──────── Records provided

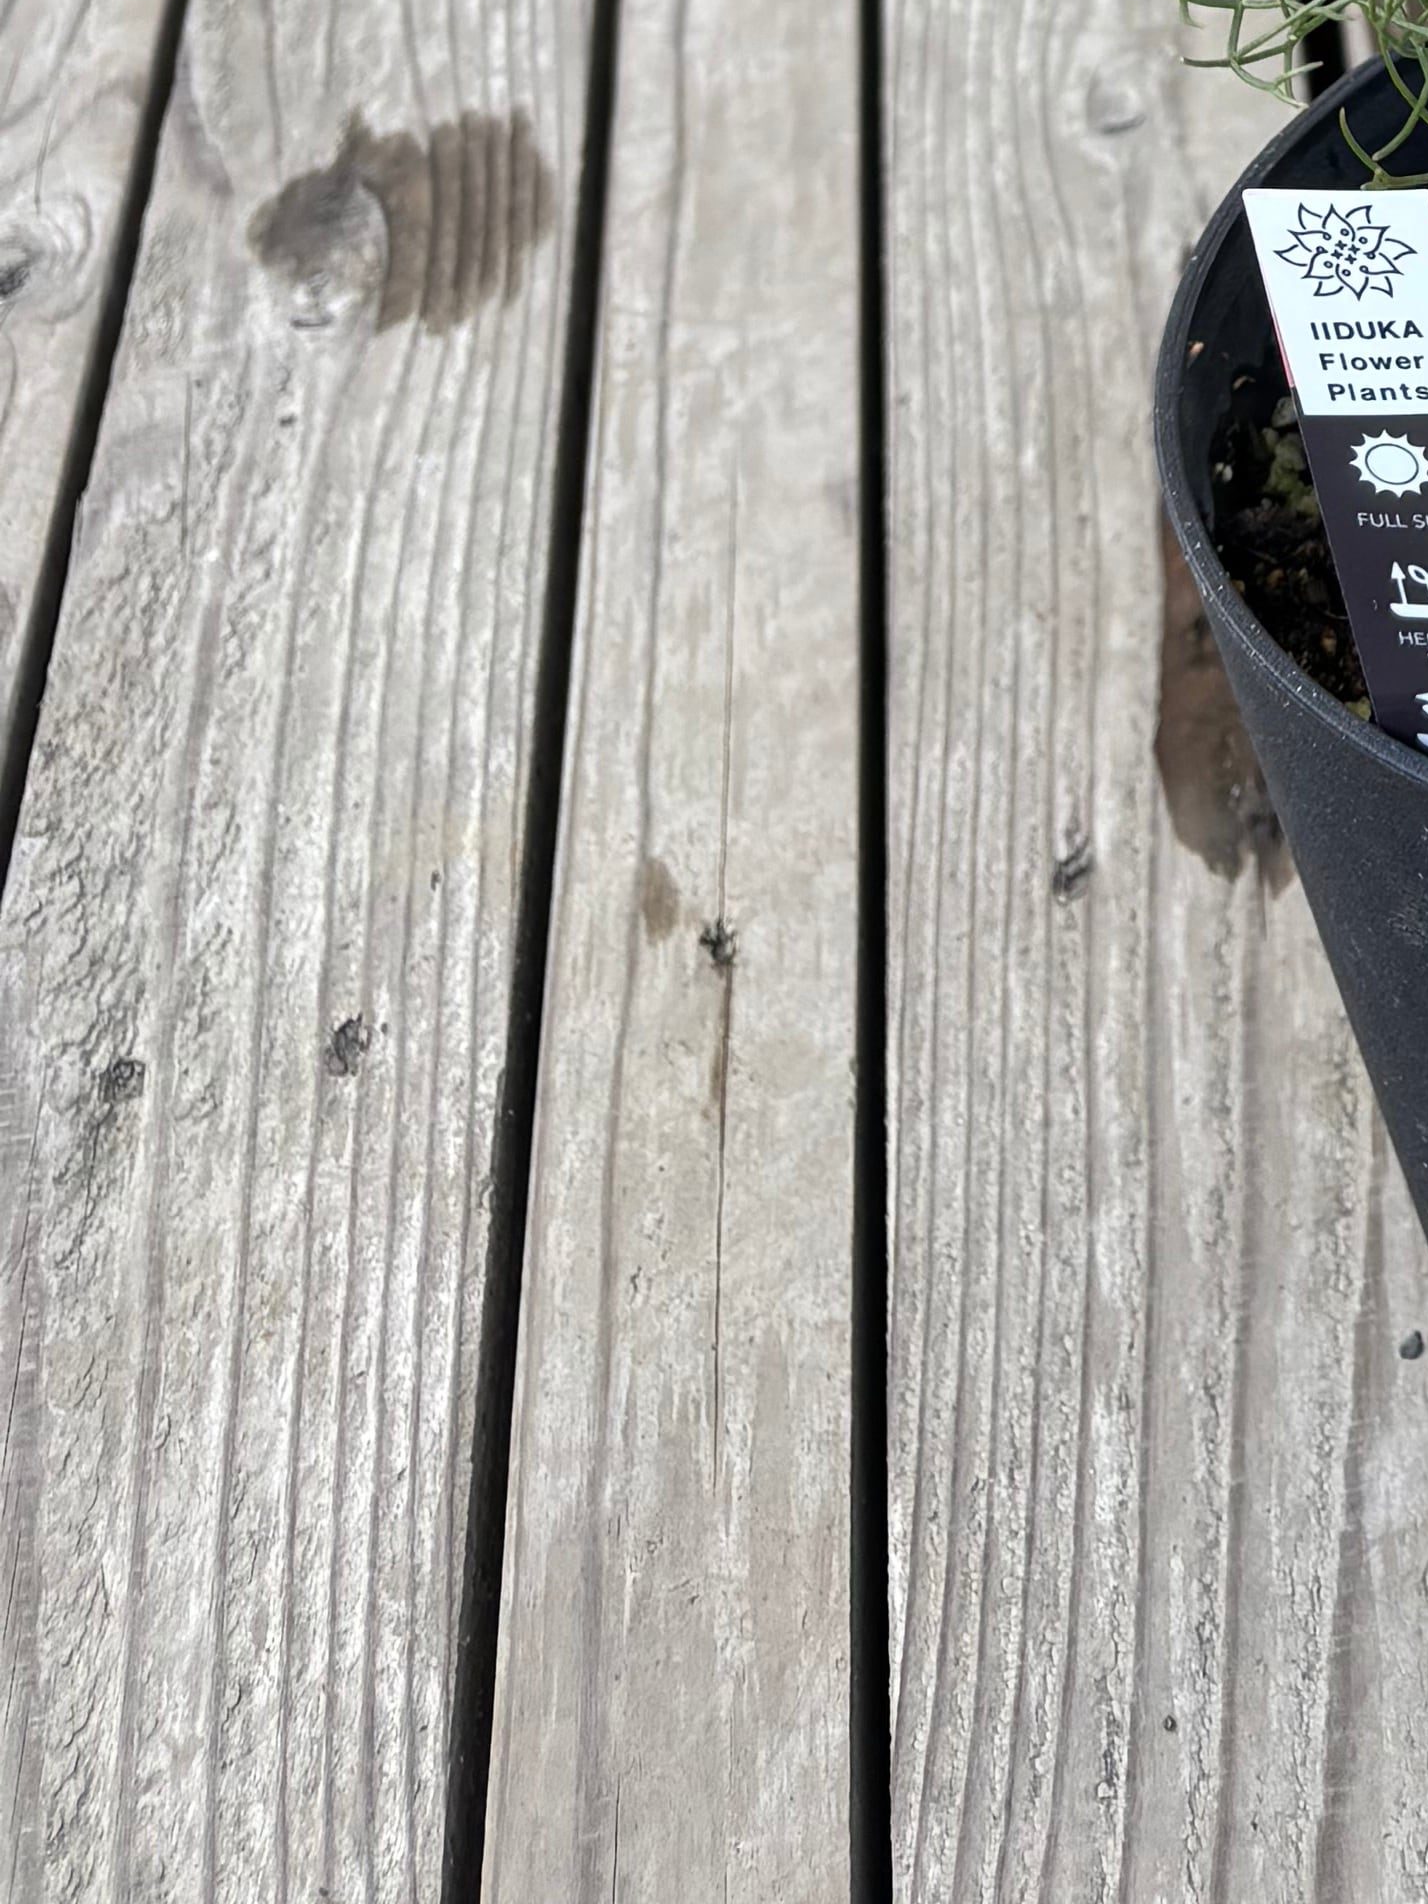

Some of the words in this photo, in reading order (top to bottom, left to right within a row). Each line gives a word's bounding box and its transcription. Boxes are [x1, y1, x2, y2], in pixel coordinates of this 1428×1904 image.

[1310, 320, 1424, 340] IIDUKA
[1319, 352, 1424, 371] Flower
[1357, 512, 1408, 528] FULL
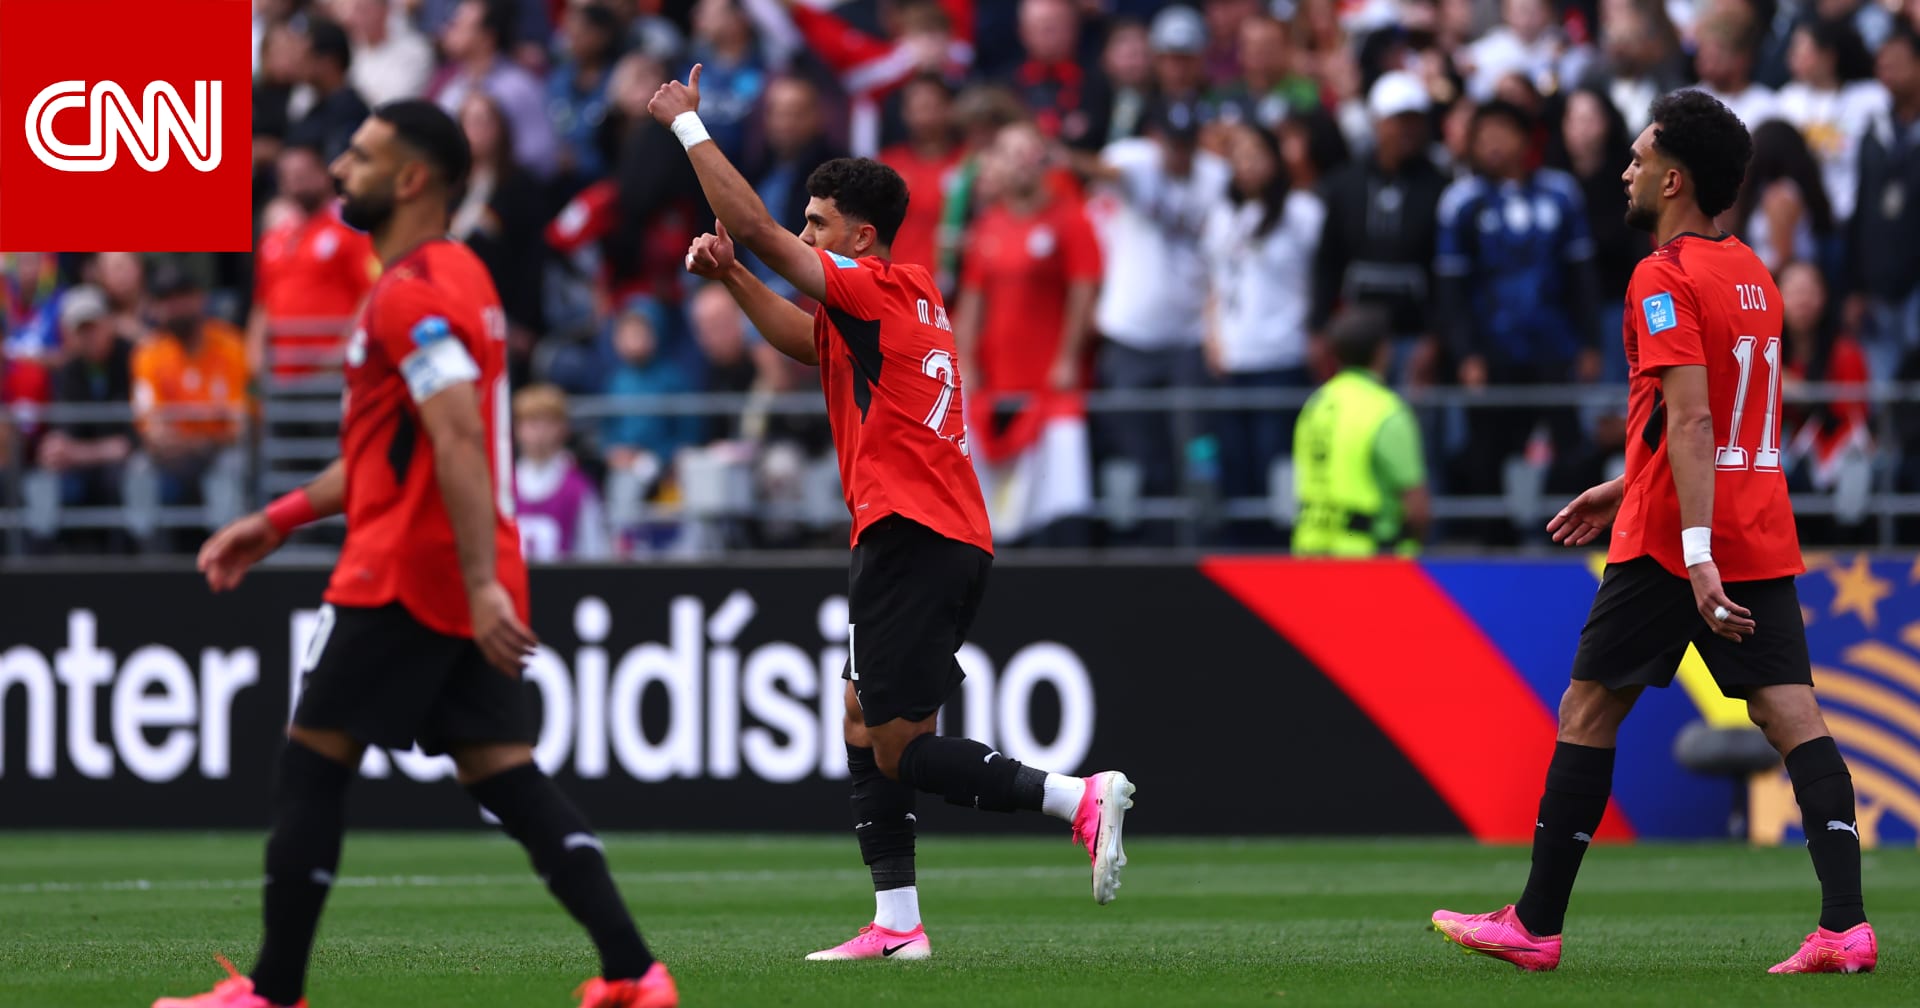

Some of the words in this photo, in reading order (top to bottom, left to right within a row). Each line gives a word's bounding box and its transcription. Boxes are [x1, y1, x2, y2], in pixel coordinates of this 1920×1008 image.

────────────────

▶ [Work task]
Without the pictures, copy all of the entries exactly as they appear.

▶ [Written response]
Some of the words in this photo, in reading order (top to bottom, left to right within a row). Each line gives a word's bounding box and its transcription. Boxes are [x1, y1, x2, y2], in pixel coordinates of this 1428×1904 image.

[1310, 320, 1424, 340] IIDUKA
[1319, 352, 1424, 371] Flower
[1357, 512, 1408, 528] FULL

Some of the words in this photo, in reading order (top to bottom, left to right within a row). Each line gives a word's bounding box and its transcription. Boxes are [x1, y1, x2, y2], in pixel coordinates of this 1920×1008 image.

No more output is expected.